BRIEF: Quote the records that follow in full and exactly; leave out the pictures.

= Beginning of Section =

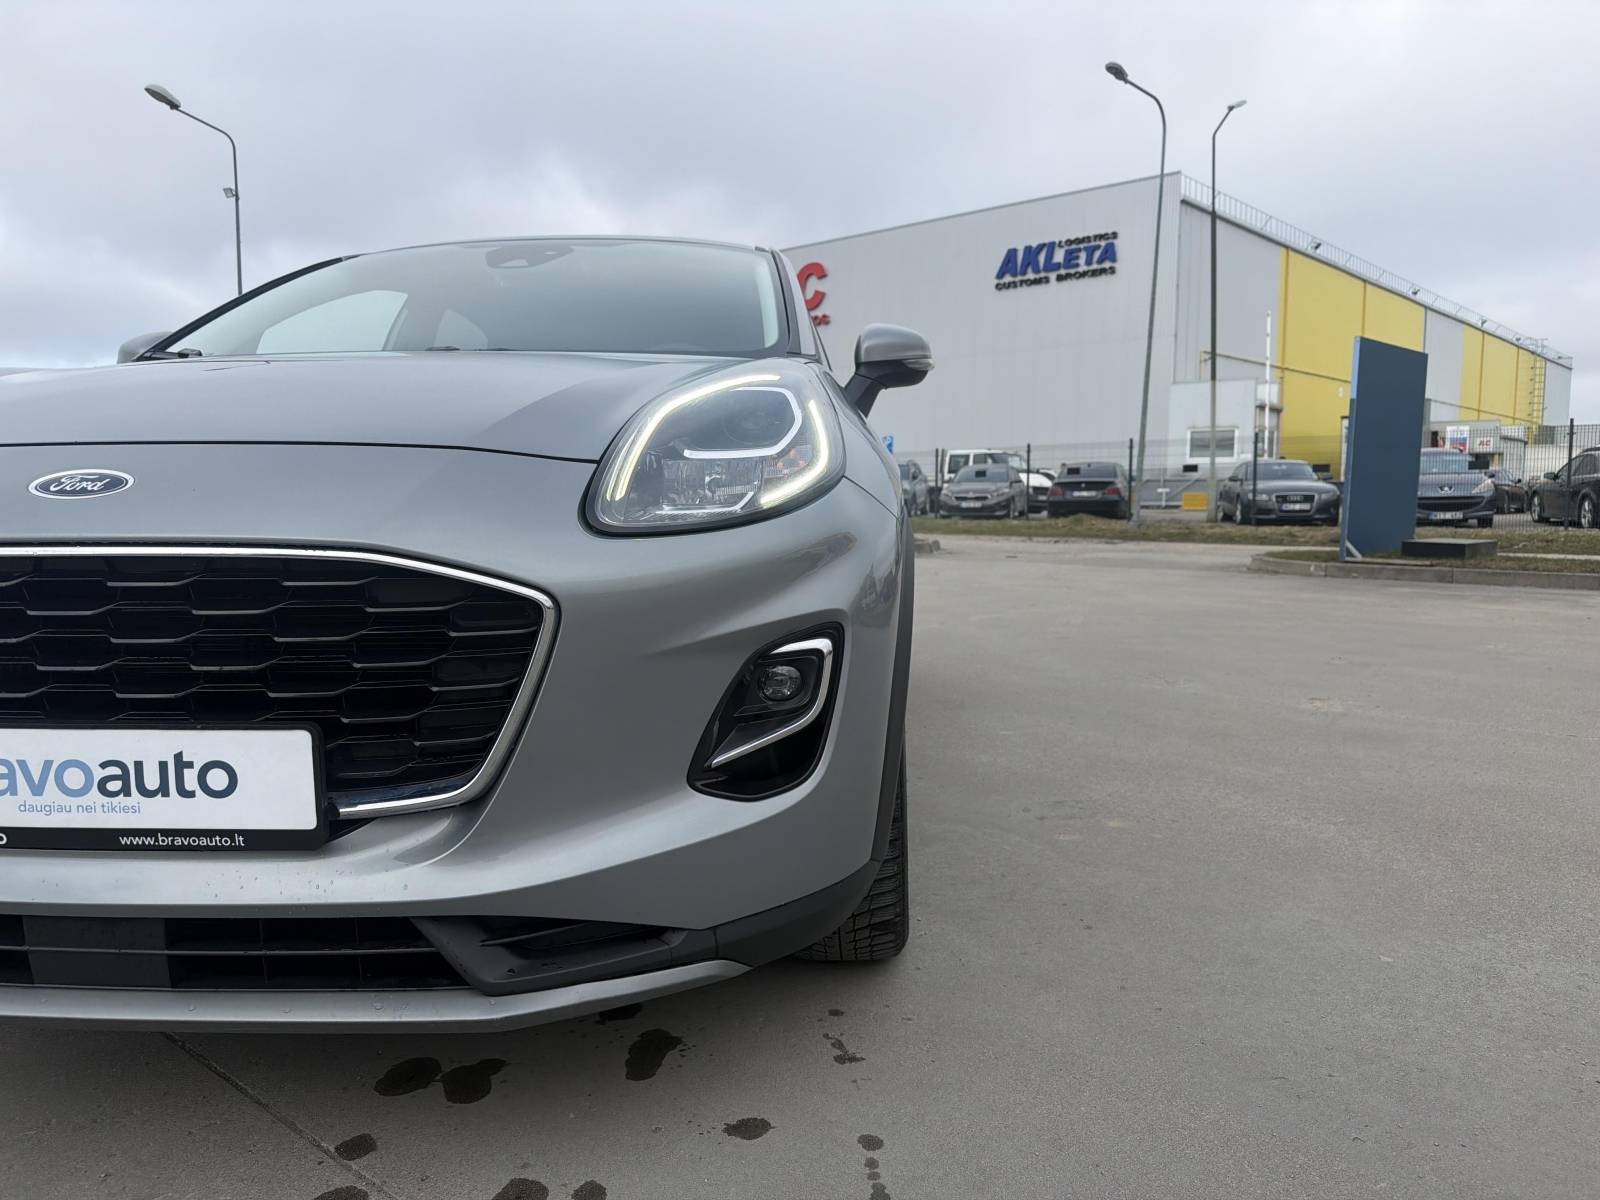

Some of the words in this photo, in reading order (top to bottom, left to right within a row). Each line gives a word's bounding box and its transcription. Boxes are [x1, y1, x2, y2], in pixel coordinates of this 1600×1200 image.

[1057, 232, 1118, 249] LOGISTICS
[996, 241, 1117, 280] AKLETA
[995, 276, 1050, 291] CUSTOMS
[1056, 266, 1116, 283] BROKERS
[49, 475, 111, 492] Ford
[18, 800, 72, 816] daugiau
[76, 802, 97, 814] nei
[101, 802, 141, 814] tikiesi
[118, 833, 245, 847] www.bravoauto.lt

= End of Section =

WRITTEN RESPONSE:
Some of the words in this photo, in reading order (top to bottom, left to right within a row). Each line gives a word's bounding box and its transcription. Boxes are [x1, y1, x2, y2], in pixel coordinates of this 1600×1200 image.

[1057, 232, 1118, 249] LOGISTICS
[996, 241, 1117, 280] AKLETA
[995, 276, 1050, 291] CUSTOMS
[1056, 266, 1116, 283] BROKERS
[49, 475, 111, 492] Ford
[18, 800, 72, 816] daugiau
[76, 802, 97, 814] nei
[101, 802, 141, 814] tikiesi
[118, 833, 245, 847] www.bravoauto.lt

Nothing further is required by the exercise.